◆ **Exercise directions**
Copy the records word for word. Pictures do not go in.

━━━

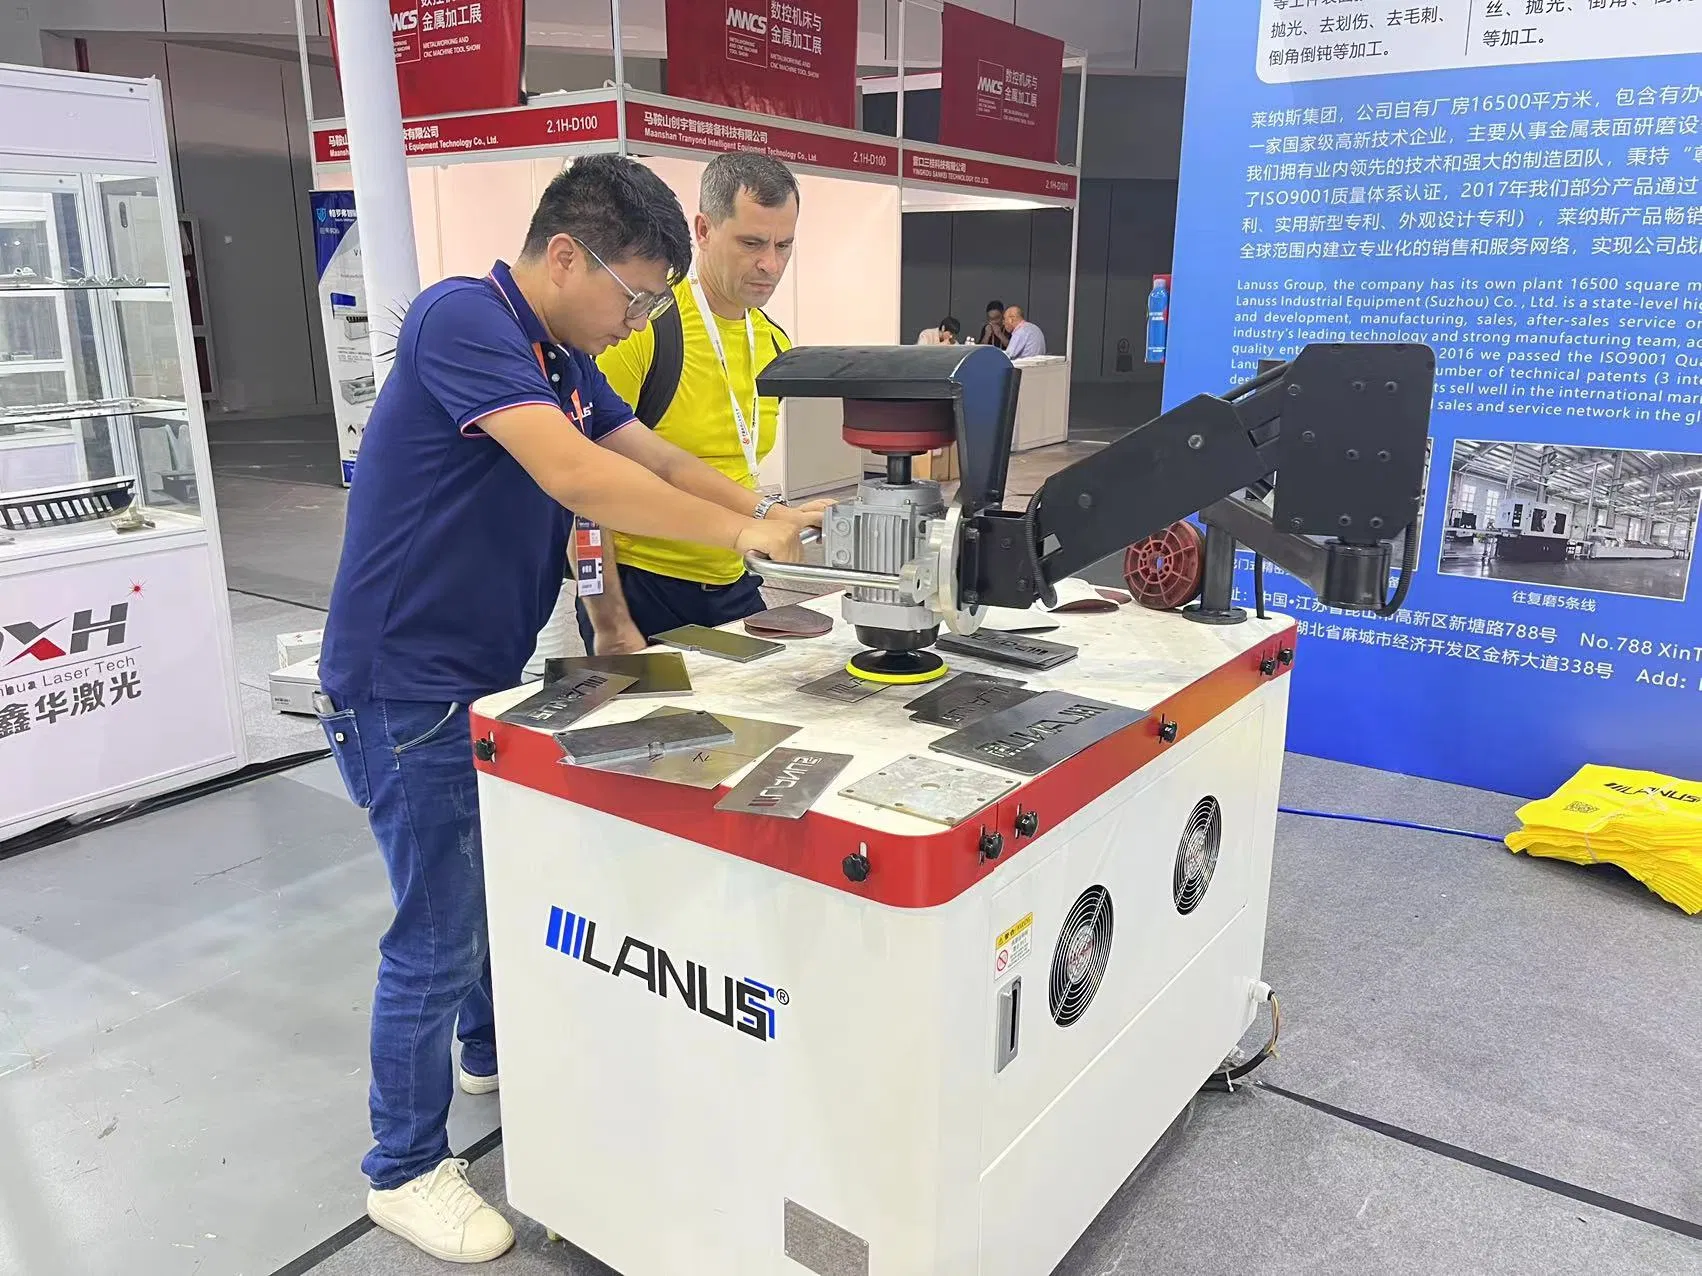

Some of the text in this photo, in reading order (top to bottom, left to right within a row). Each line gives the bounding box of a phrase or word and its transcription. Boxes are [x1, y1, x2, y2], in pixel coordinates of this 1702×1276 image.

[422, 3, 482, 32] 金属加工展
[770, 0, 822, 32] 数控机床与
[770, 24, 822, 55] 金属加工展
[1482, 28, 1544, 47] 等加工。
[1269, 41, 1391, 66] 倒角倒钝等加工。
[546, 116, 597, 133] 2.1H-D100
[644, 111, 768, 144] 马鞍山创宇智能装备科技有限公司
[409, 140, 439, 152] Equipment
[439, 137, 473, 150] Technology
[473, 136, 486, 146] Co.,
[487, 135, 499, 144] Ltd.
[644, 128, 677, 141] Maanshan
[679, 133, 707, 145] Tranyond
[708, 137, 736, 150] Intelligent
[767, 146, 797, 160] Technology
[853, 151, 887, 167] 2.1H-D100
[1237, 279, 1279, 290] Lanuss
[1284, 279, 1327, 293] Group,
[1334, 279, 1355, 290] the
[1360, 280, 1424, 293] company
[1430, 278, 1454, 290] has
[1461, 278, 1479, 290] its
[1485, 280, 1516, 290] own
[1523, 278, 1563, 292] plant
[1571, 278, 1618, 290] 16500
[1625, 280, 1680, 293] square
[1236, 296, 1277, 306] Lanuss
[1281, 296, 1342, 307] Industrial
[1346, 296, 1420, 310] Equipment
[1425, 295, 1489, 309] (Suzhou)
[1530, 296, 1558, 308] Ltd.
[1563, 296, 1575, 308] is
[1579, 299, 1588, 308] a
[1592, 297, 1678, 309] state-level
[1234, 312, 1257, 322] and
[1264, 313, 1352, 325] development,
[1360, 313, 1467, 327] manufacturing,
[1477, 313, 1517, 327] sales,
[1527, 313, 1609, 327] after-sales
[1619, 315, 1676, 329] service
[1233, 328, 1294, 341] industry's
[1298, 328, 1345, 342] leading
[1432, 331, 1458, 342] and
[1463, 332, 1510, 346] strong
[1515, 332, 1631, 349] manufacturing
[1637, 335, 1680, 349] team,
[1232, 343, 1274, 356] quality
[1439, 347, 1474, 359] 2016
[1480, 351, 1500, 360] we
[1507, 350, 1560, 363] passed
[1568, 350, 1592, 363] the
[1600, 352, 1666, 365] ISO9001
[1435, 365, 1482, 377] umber
[1489, 366, 1504, 378] of
[1510, 367, 1579, 381] technical
[1587, 371, 1647, 383] patents
[1654, 371, 1669, 385] (3
[1450, 382, 1474, 394] sell
[1478, 383, 1507, 395] well
[1512, 384, 1525, 396] in
[1530, 385, 1554, 397] the
[1560, 386, 1662, 402] international
[1437, 399, 1472, 411] sales
[1477, 401, 1504, 413] and
[1508, 403, 1562, 415] service
[1567, 406, 1631, 419] network
[1636, 407, 1649, 420] in
[1655, 408, 1680, 421] the
[1511, 590, 1597, 612] 往复磨5条线
[0, 602, 128, 667] XH
[43, 667, 90, 687] Laser
[94, 656, 135, 673] Tech
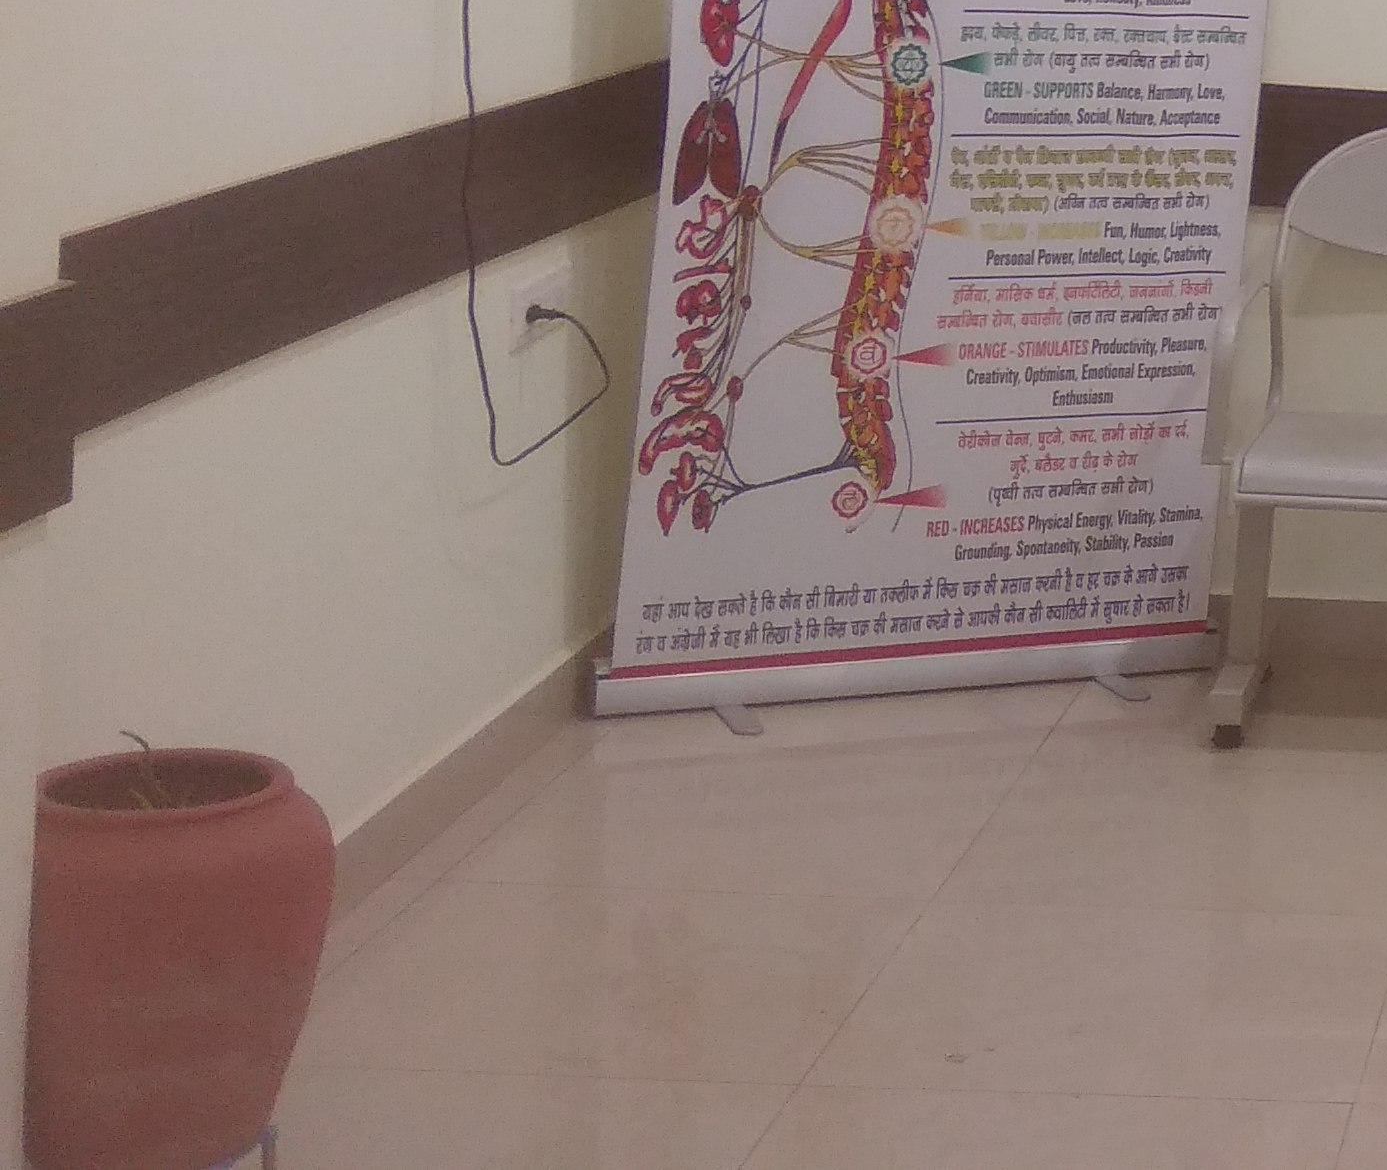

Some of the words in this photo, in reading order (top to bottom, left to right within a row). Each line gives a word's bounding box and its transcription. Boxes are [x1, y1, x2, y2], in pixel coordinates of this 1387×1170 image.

[984, 81, 1023, 99] GREEN
[1033, 82, 1094, 99] SUPPORTS
[1096, 82, 1144, 102] Balance,
[1147, 83, 1194, 103] Harmony,
[1197, 83, 1225, 101] Love,
[984, 107, 1073, 125] Communication,
[1077, 107, 1111, 125] Social,
[1116, 107, 1157, 126] Nature,
[1159, 109, 1221, 128] Acceptance
[1104, 221, 1127, 240] Fun,
[1130, 221, 1167, 239] Humor,
[1170, 220, 1221, 241] Lightness,
[986, 249, 1035, 266] Personal
[1037, 248, 1075, 266] Power,
[1079, 247, 1125, 265] Intellect,
[1128, 247, 1160, 268] Logic,
[1163, 245, 1212, 265] Creativity
[958, 342, 1007, 360] ORANGE
[1017, 340, 1089, 358] STIMULATES
[1092, 338, 1158, 357] Productivity,
[1161, 337, 1207, 352] Pleasure,
[966, 367, 1020, 386] Creativity,
[1024, 365, 1078, 386] Optimism,
[1081, 363, 1135, 380] Emotional
[1137, 361, 1196, 382] Expression,
[1052, 389, 1114, 406] Enthusiasm
[926, 520, 950, 538] RED
[960, 515, 1025, 536] INCREASES
[1027, 512, 1073, 534] Physical
[1075, 512, 1113, 530] Energy,
[1118, 508, 1156, 528] Vitality,
[1160, 505, 1203, 523] Stamina,
[954, 542, 1013, 562] Grounding,
[1016, 538, 1081, 560] Spontaneity,
[1085, 533, 1130, 554] Stability,
[1133, 532, 1174, 549] Passion
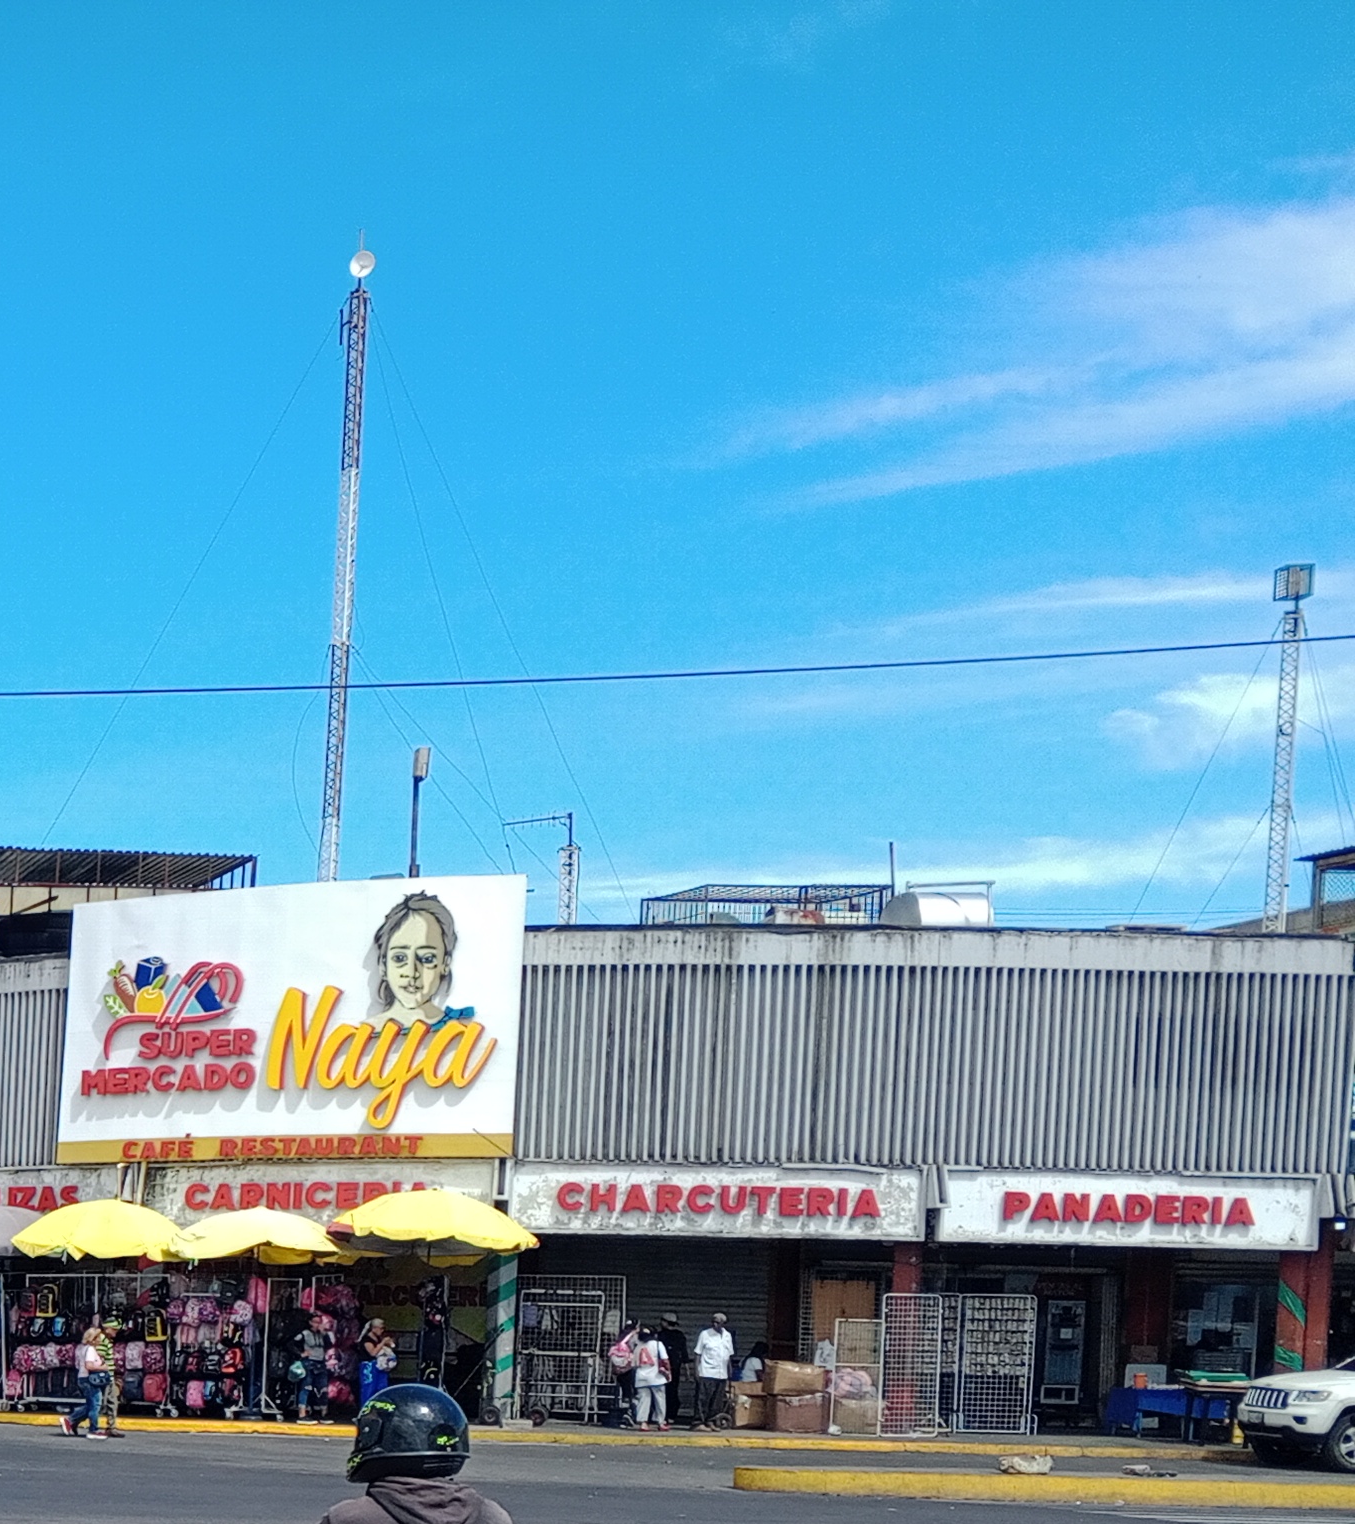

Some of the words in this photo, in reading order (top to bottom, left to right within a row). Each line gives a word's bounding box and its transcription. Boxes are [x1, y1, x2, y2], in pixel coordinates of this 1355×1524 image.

[139, 1028, 257, 1060] SUPER
[267, 985, 497, 1129] Naya
[81, 1061, 257, 1097] MERCADO
[122, 1133, 194, 1159] CAFÉ
[219, 1135, 423, 1157] RESTAURANT
[556, 1182, 882, 1218] CHARCUTERIA
[1003, 1191, 1256, 1226] PANADERIA

━━━

◆ **Response to the task**
Some of the text in this photo, in reading order (top to bottom, left to right within a row). Each line gives the bounding box of a phrase or word and its transcription. Boxes are [x1, y1, x2, y2], in pixel coordinates of this 1702×1276 image.

[422, 3, 482, 32] 金属加工展
[770, 0, 822, 32] 数控机床与
[770, 24, 822, 55] 金属加工展
[1482, 28, 1544, 47] 等加工。
[1269, 41, 1391, 66] 倒角倒钝等加工。
[546, 116, 597, 133] 2.1H-D100
[644, 111, 768, 144] 马鞍山创宇智能装备科技有限公司
[409, 140, 439, 152] Equipment
[439, 137, 473, 150] Technology
[473, 136, 486, 146] Co.,
[487, 135, 499, 144] Ltd.
[644, 128, 677, 141] Maanshan
[679, 133, 707, 145] Tranyond
[708, 137, 736, 150] Intelligent
[767, 146, 797, 160] Technology
[853, 151, 887, 167] 2.1H-D100
[1237, 279, 1279, 290] Lanuss
[1284, 279, 1327, 293] Group,
[1334, 279, 1355, 290] the
[1360, 280, 1424, 293] company
[1430, 278, 1454, 290] has
[1461, 278, 1479, 290] its
[1485, 280, 1516, 290] own
[1523, 278, 1563, 292] plant
[1571, 278, 1618, 290] 16500
[1625, 280, 1680, 293] square
[1236, 296, 1277, 306] Lanuss
[1281, 296, 1342, 307] Industrial
[1346, 296, 1420, 310] Equipment
[1425, 295, 1489, 309] (Suzhou)
[1530, 296, 1558, 308] Ltd.
[1563, 296, 1575, 308] is
[1579, 299, 1588, 308] a
[1592, 297, 1678, 309] state-level
[1234, 312, 1257, 322] and
[1264, 313, 1352, 325] development,
[1360, 313, 1467, 327] manufacturing,
[1477, 313, 1517, 327] sales,
[1527, 313, 1609, 327] after-sales
[1619, 315, 1676, 329] service
[1233, 328, 1294, 341] industry's
[1298, 328, 1345, 342] leading
[1432, 331, 1458, 342] and
[1463, 332, 1510, 346] strong
[1515, 332, 1631, 349] manufacturing
[1637, 335, 1680, 349] team,
[1232, 343, 1274, 356] quality
[1439, 347, 1474, 359] 2016
[1480, 351, 1500, 360] we
[1507, 350, 1560, 363] passed
[1568, 350, 1592, 363] the
[1600, 352, 1666, 365] ISO9001
[1435, 365, 1482, 377] umber
[1489, 366, 1504, 378] of
[1510, 367, 1579, 381] technical
[1587, 371, 1647, 383] patents
[1654, 371, 1669, 385] (3
[1450, 382, 1474, 394] sell
[1478, 383, 1507, 395] well
[1512, 384, 1525, 396] in
[1530, 385, 1554, 397] the
[1560, 386, 1662, 402] international
[1437, 399, 1472, 411] sales
[1477, 401, 1504, 413] and
[1508, 403, 1562, 415] service
[1567, 406, 1631, 419] network
[1636, 407, 1649, 420] in
[1655, 408, 1680, 421] the
[1511, 590, 1597, 612] 往复磨5条线
[0, 602, 128, 667] XH
[43, 667, 90, 687] Laser
[94, 656, 135, 673] Tech

Some of the words in this photo, in reading order (top to bottom, left to right within a row). Each line gives a word's bounding box and its transcription. Boxes are [x1, y1, x2, y2], in pixel coordinates of this 1387×1170 image.

[984, 81, 1023, 99] GREEN
[1033, 82, 1094, 99] SUPPORTS
[1096, 82, 1144, 102] Balance,
[1147, 83, 1194, 103] Harmony,
[1197, 83, 1225, 101] Love,
[984, 107, 1073, 125] Communication,
[1077, 107, 1111, 125] Social,
[1116, 107, 1157, 126] Nature,
[1159, 109, 1221, 128] Acceptance
[1104, 221, 1127, 240] Fun,
[1130, 221, 1167, 239] Humor,
[1170, 220, 1221, 241] Lightness,
[986, 249, 1035, 266] Personal
[1037, 248, 1075, 266] Power,
[1079, 247, 1125, 265] Intellect,
[1128, 247, 1160, 268] Logic,
[1163, 245, 1212, 265] Creativity
[958, 342, 1007, 360] ORANGE
[1017, 340, 1089, 358] STIMULATES
[1092, 338, 1158, 357] Productivity,
[1161, 337, 1207, 352] Pleasure,
[966, 367, 1020, 386] Creativity,
[1024, 365, 1078, 386] Optimism,
[1081, 363, 1135, 380] Emotional
[1137, 361, 1196, 382] Expression,
[1052, 389, 1114, 406] Enthusiasm
[926, 520, 950, 538] RED
[960, 515, 1025, 536] INCREASES
[1027, 512, 1073, 534] Physical
[1075, 512, 1113, 530] Energy,
[1118, 508, 1156, 528] Vitality,
[1160, 505, 1203, 523] Stamina,
[954, 542, 1013, 562] Grounding,
[1016, 538, 1081, 560] Spontaneity,
[1085, 533, 1130, 554] Stability,
[1133, 532, 1174, 549] Passion

Some of the words in this photo, in reading order (top to bottom, left to right within a row). Each line gives a word's bounding box and its transcription. Boxes are [x1, y1, x2, y2], in pixel coordinates of this 1355×1524 image.

[139, 1028, 257, 1060] SUPER
[267, 985, 497, 1129] Naya
[81, 1061, 257, 1097] MERCADO
[122, 1133, 194, 1159] CAFÉ
[219, 1135, 423, 1157] RESTAURANT
[556, 1182, 882, 1218] CHARCUTERIA
[1003, 1191, 1256, 1226] PANADERIA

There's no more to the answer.